**Work instructions**
Line by line, set down all the data below exactly, omitting any picture.

**Supplied records**
_ _ _ _ _
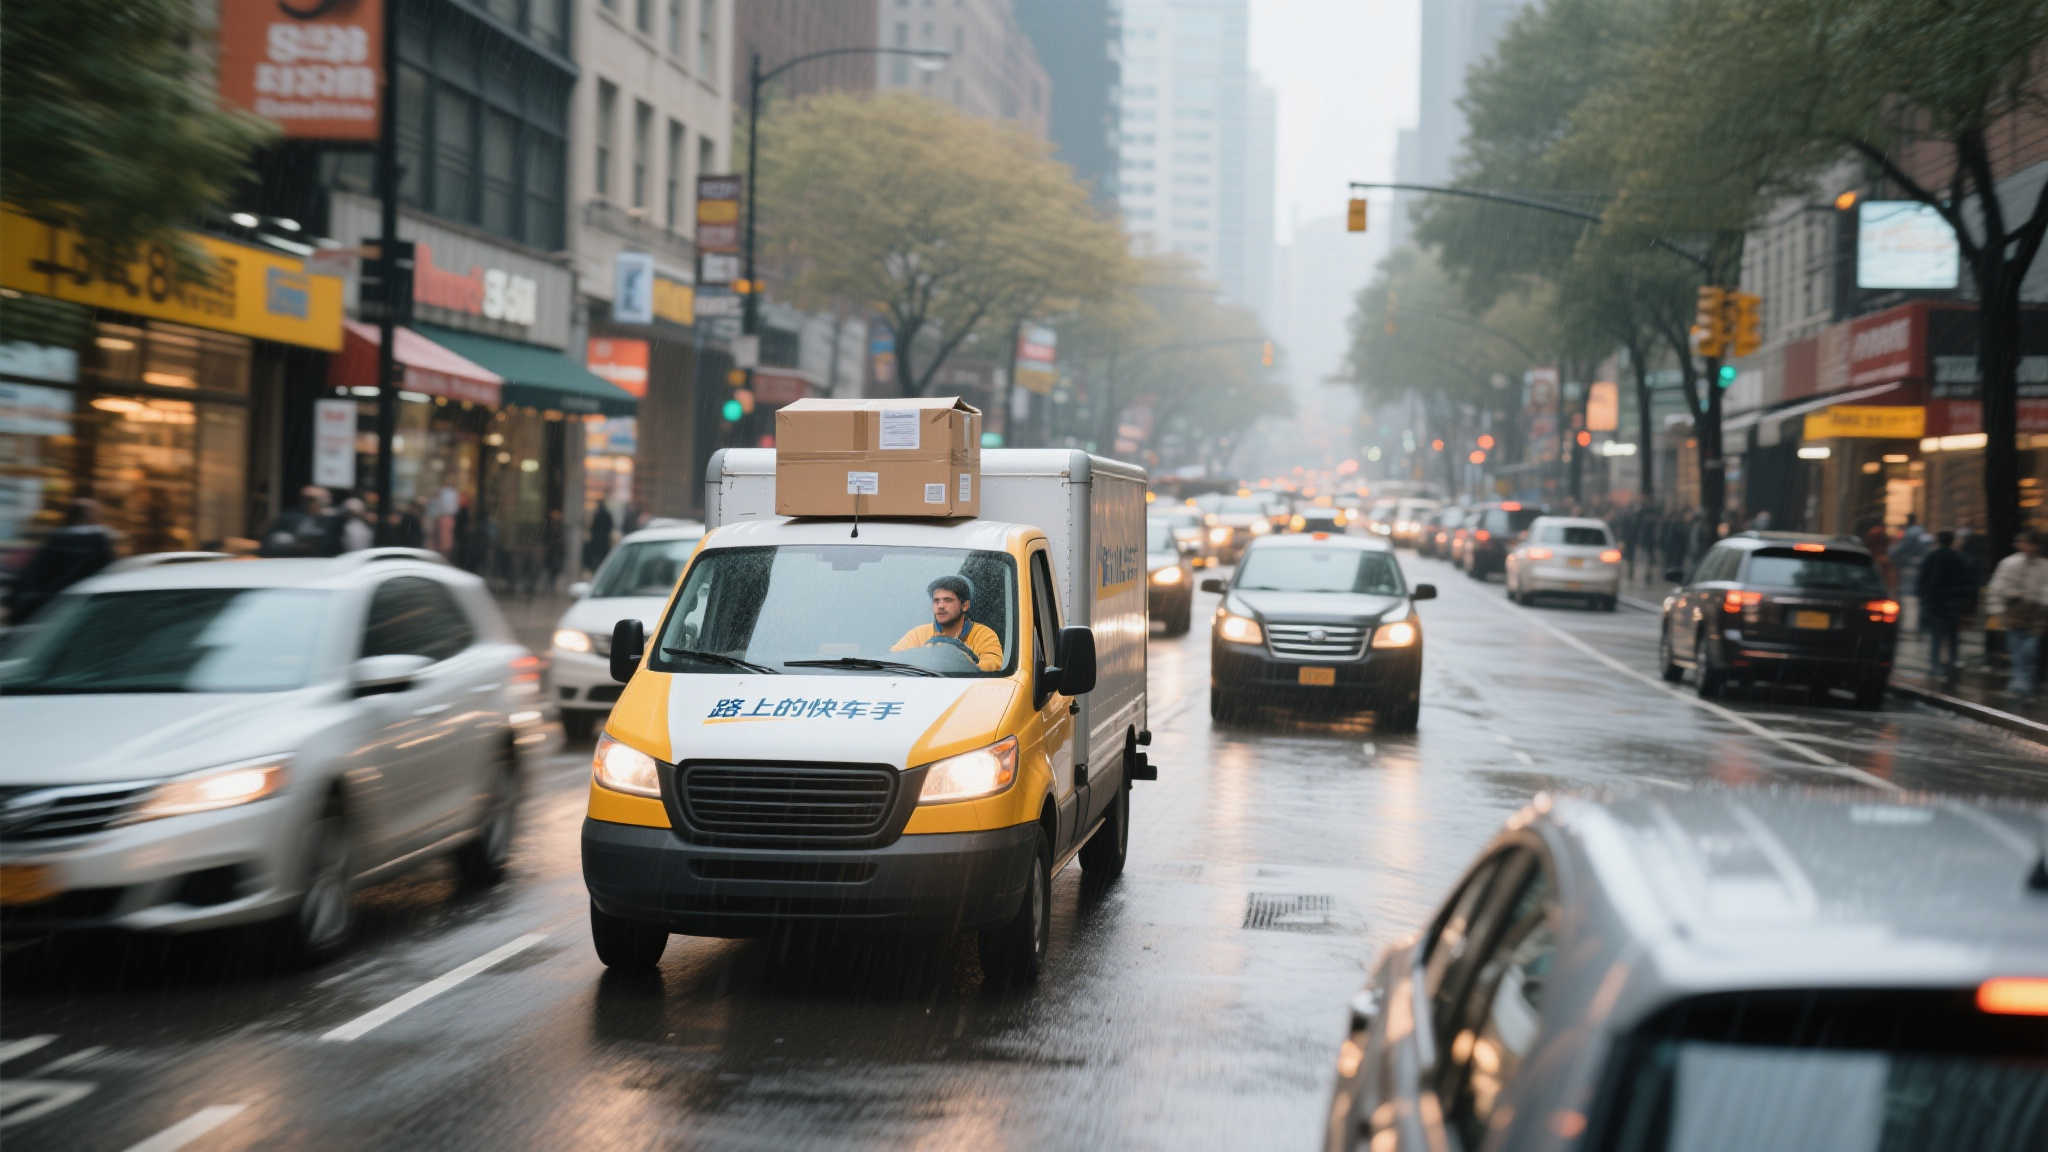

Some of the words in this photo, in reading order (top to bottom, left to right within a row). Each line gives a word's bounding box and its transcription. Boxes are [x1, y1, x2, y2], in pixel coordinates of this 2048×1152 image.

[707, 697, 904, 720] 路上的快车手
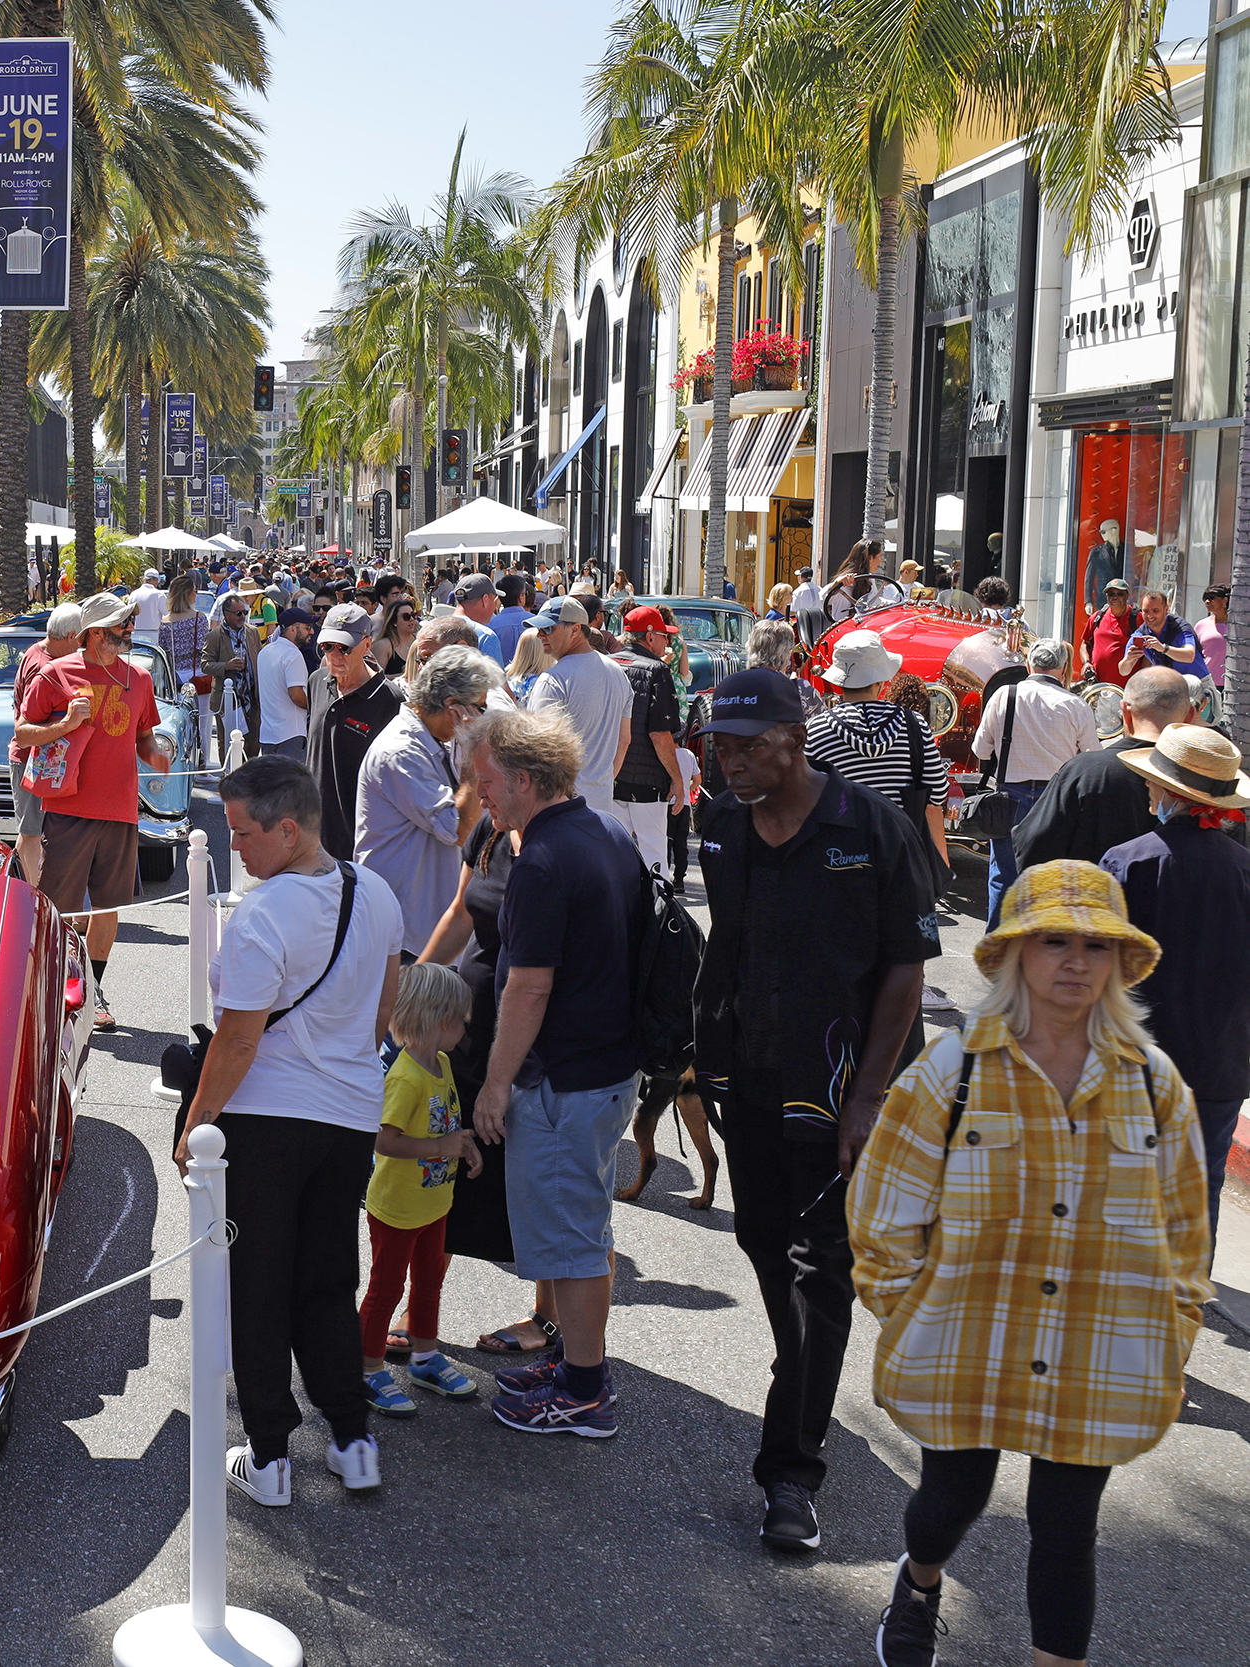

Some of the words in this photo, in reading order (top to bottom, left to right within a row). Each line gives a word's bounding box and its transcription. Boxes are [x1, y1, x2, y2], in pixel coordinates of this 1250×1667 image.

[0, 66, 26, 74] RODEO
[30, 66, 53, 74] DRIVE
[1062, 300, 1144, 339] PHILIPP
[170, 410, 190, 418] JUNE
[826, 847, 870, 866] Ramone
_ _ _ _ _
**Answer section**
Some of the words in this photo, in reading order (top to bottom, left to right within a row). Each line gives a word's bounding box and its transcription. Boxes are [x1, y1, x2, y2], in pixel coordinates of this 2048×1152 image.

[707, 697, 904, 720] 路上的快车手

Some of the words in this photo, in reading order (top to bottom, left to right within a row). Each line gives a word's bounding box and its transcription. Boxes are [x1, y1, x2, y2], in pixel coordinates of this 1250×1667 image.

[0, 66, 26, 74] RODEO
[30, 66, 53, 74] DRIVE
[1062, 300, 1144, 339] PHILIPP
[170, 410, 190, 418] JUNE
[826, 847, 870, 866] Ramone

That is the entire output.